Un mondo spaccato in due, la divisione in due aree economicamente distinte con l’Occidente che consuma senza produrre, industrializzando e arricchendo nel frattempo l’Oriente al suo posto. Da questo presupposto parte il ragionamento di Ettore Gotti Tedeschi, ospite d’eccezione del Tv Show del Future Bancassurance Forum.

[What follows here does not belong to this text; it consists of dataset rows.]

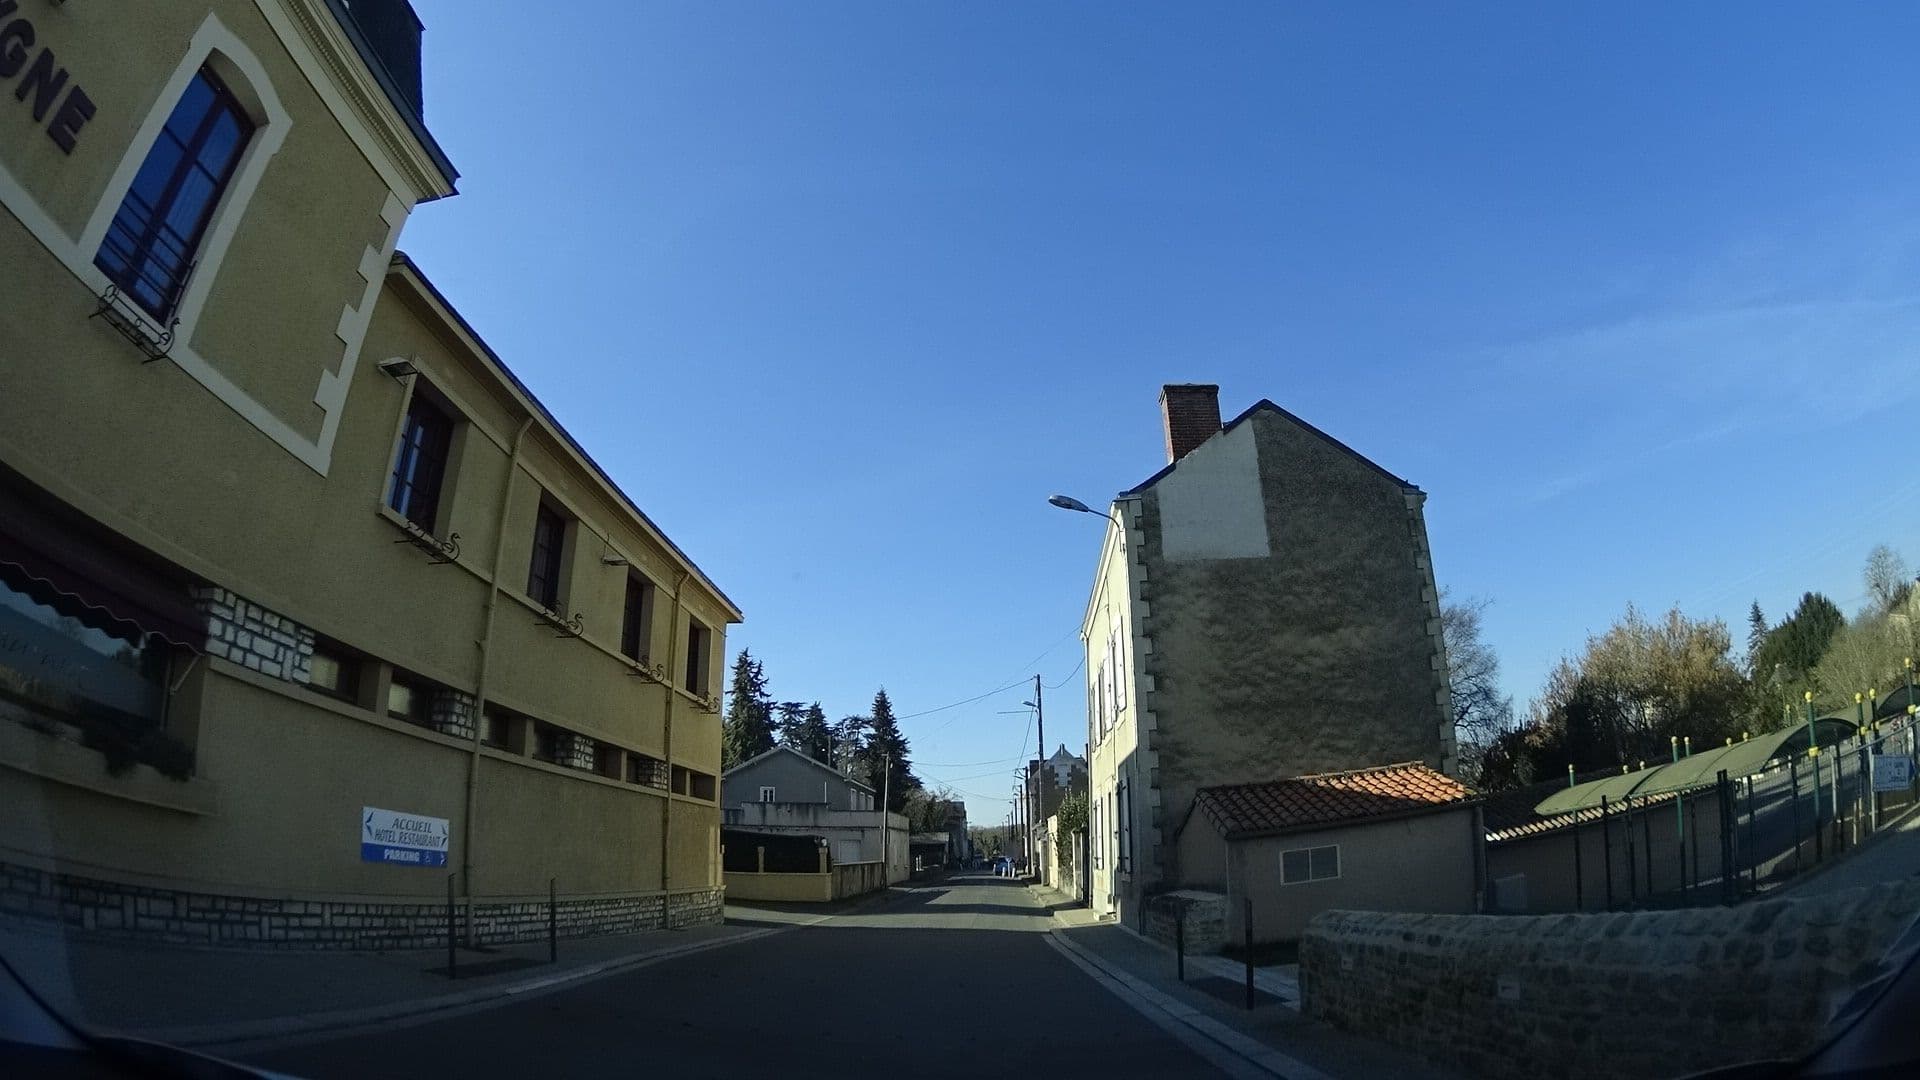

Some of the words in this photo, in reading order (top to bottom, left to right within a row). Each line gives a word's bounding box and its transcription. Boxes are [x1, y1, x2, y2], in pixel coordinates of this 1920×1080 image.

[391, 817, 432, 834] ACCUEIL
[398, 831, 441, 848] RESTAURANT
[384, 848, 420, 862] PARKING
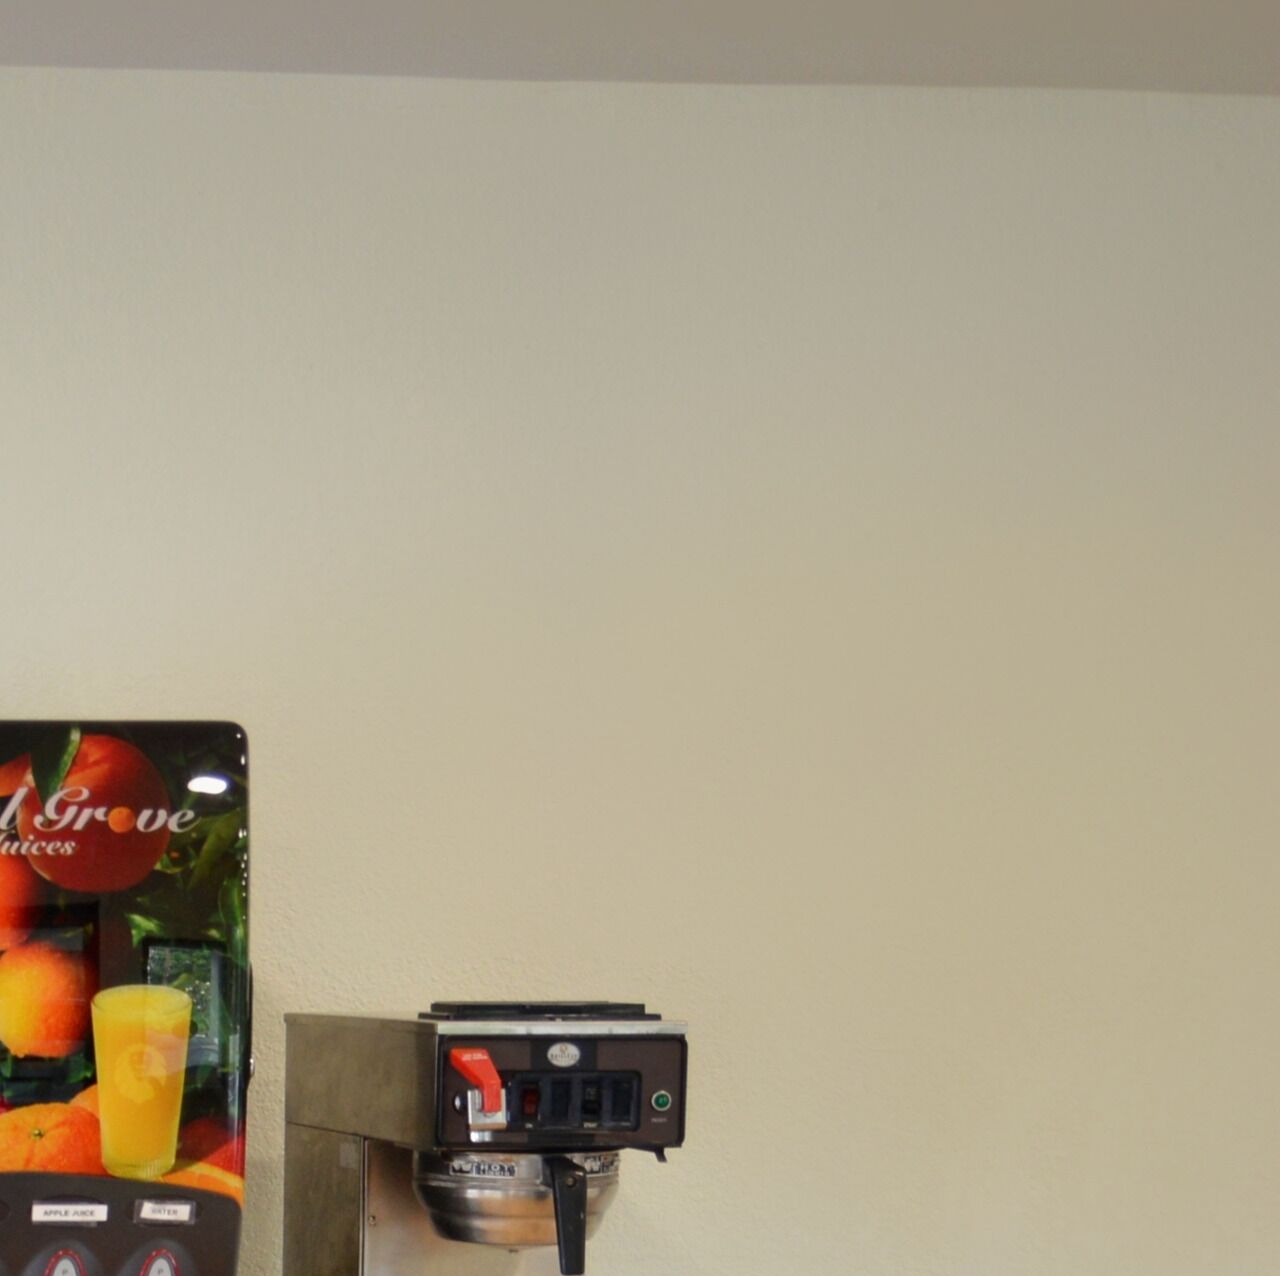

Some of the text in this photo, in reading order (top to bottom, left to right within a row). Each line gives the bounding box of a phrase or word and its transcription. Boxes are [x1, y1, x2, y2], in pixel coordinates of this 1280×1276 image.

[32, 785, 202, 834] Grove
[43, 1209, 96, 1217] APPLE JUICE
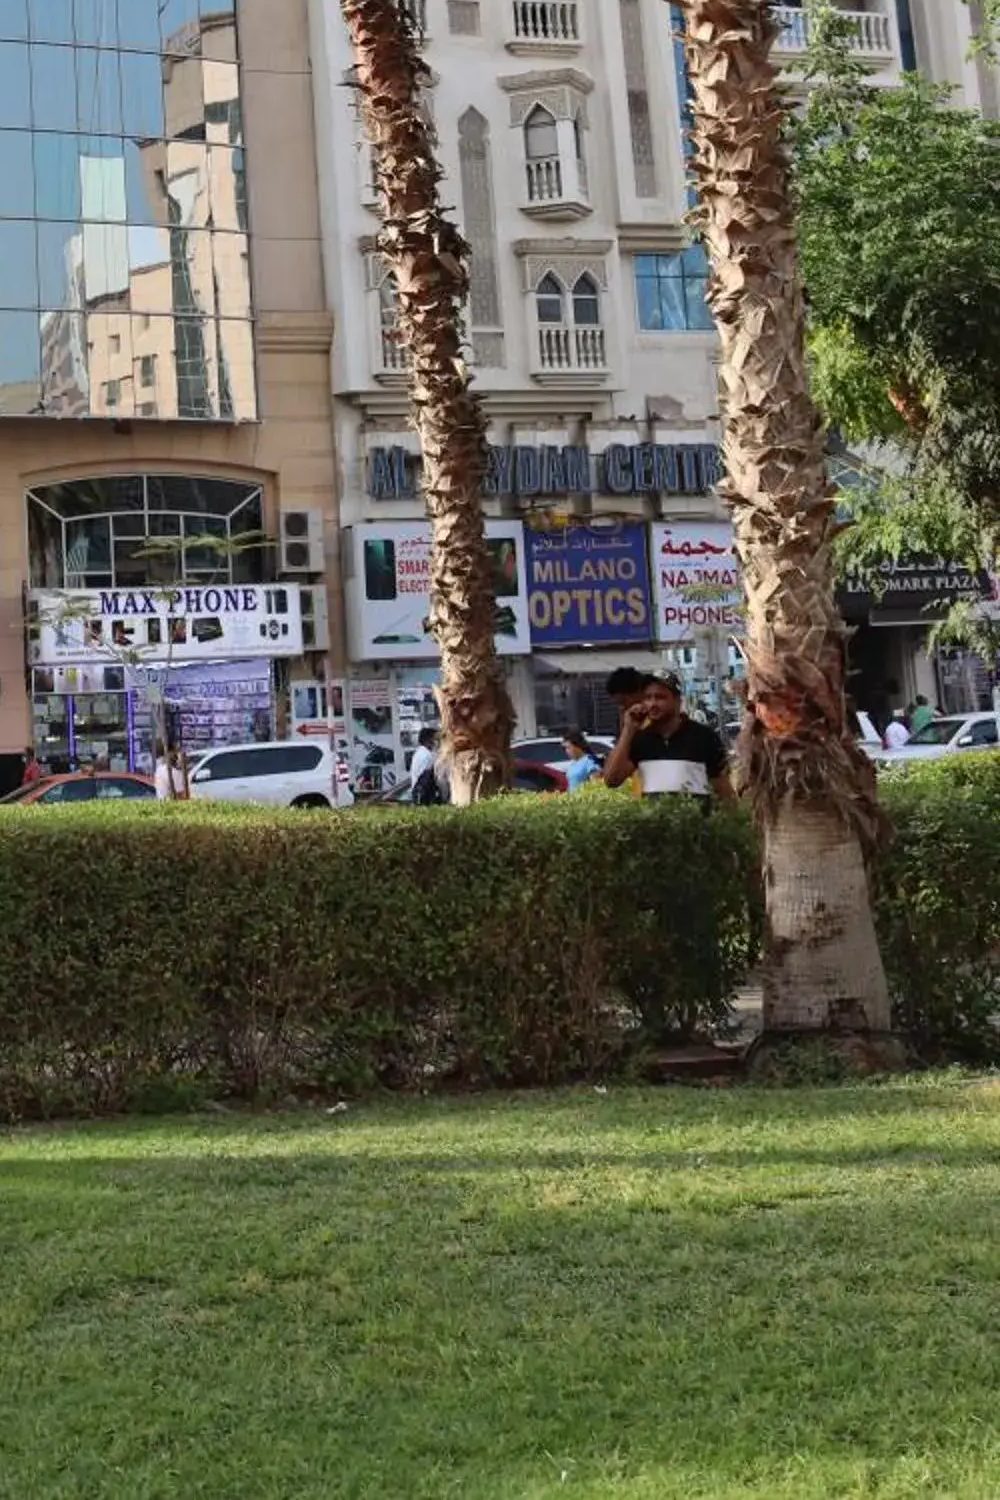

Il nuovo tipo di capitalismo inclusivo e sostenibile, inventato dall’Occidente per sopravvivere – dice al vicedirettore di PLTV Piergiorgio Giuliani -, ha innescato nella società un processo rapidissimo e irreversibile: una transizione digitale accelerata, prima dal lockdown Covid e poi dalla guerra ucraina”. La sfida? “Da una parte riequilibrare crescita, natalità e protezione dell’ambiente: tre aspetti in conflitto – dichara Gotti Tedeschi -. Dall’altra trovare l’equilibrio tra investimenti tecnologici e lavoro umano. Sono questi i due grandi squilibri, i due potenziali conflitti da risolvere”.

Gotti Tedeschi introduce poi il concetto di “transumanesimo” che sta plasmando la civiltà moderna, teso a “creare il superuomo di Nietzsche”, fondendo umano e digitale. “Il processo transumanista è il prossimo passo – dice -, che tende a disintermediare l’uomo dai grandi processi decisionali rivedendo il problema del libero arbitrio. Per il transumanesimo la coscienza, cioè la capacità di decidere se una cosa è bene o male, è irrazionale, emozionale: va sostituita con un modello deterministico, l’algorismo”.

Una “lectio magistralis” che tocca crisi energetica e inflazione, storia e politica, passato e futuro della nostra economia, nella consapevolezza che – nel contesto attuale – non è possibile prevedere, ma solo individuare scenari.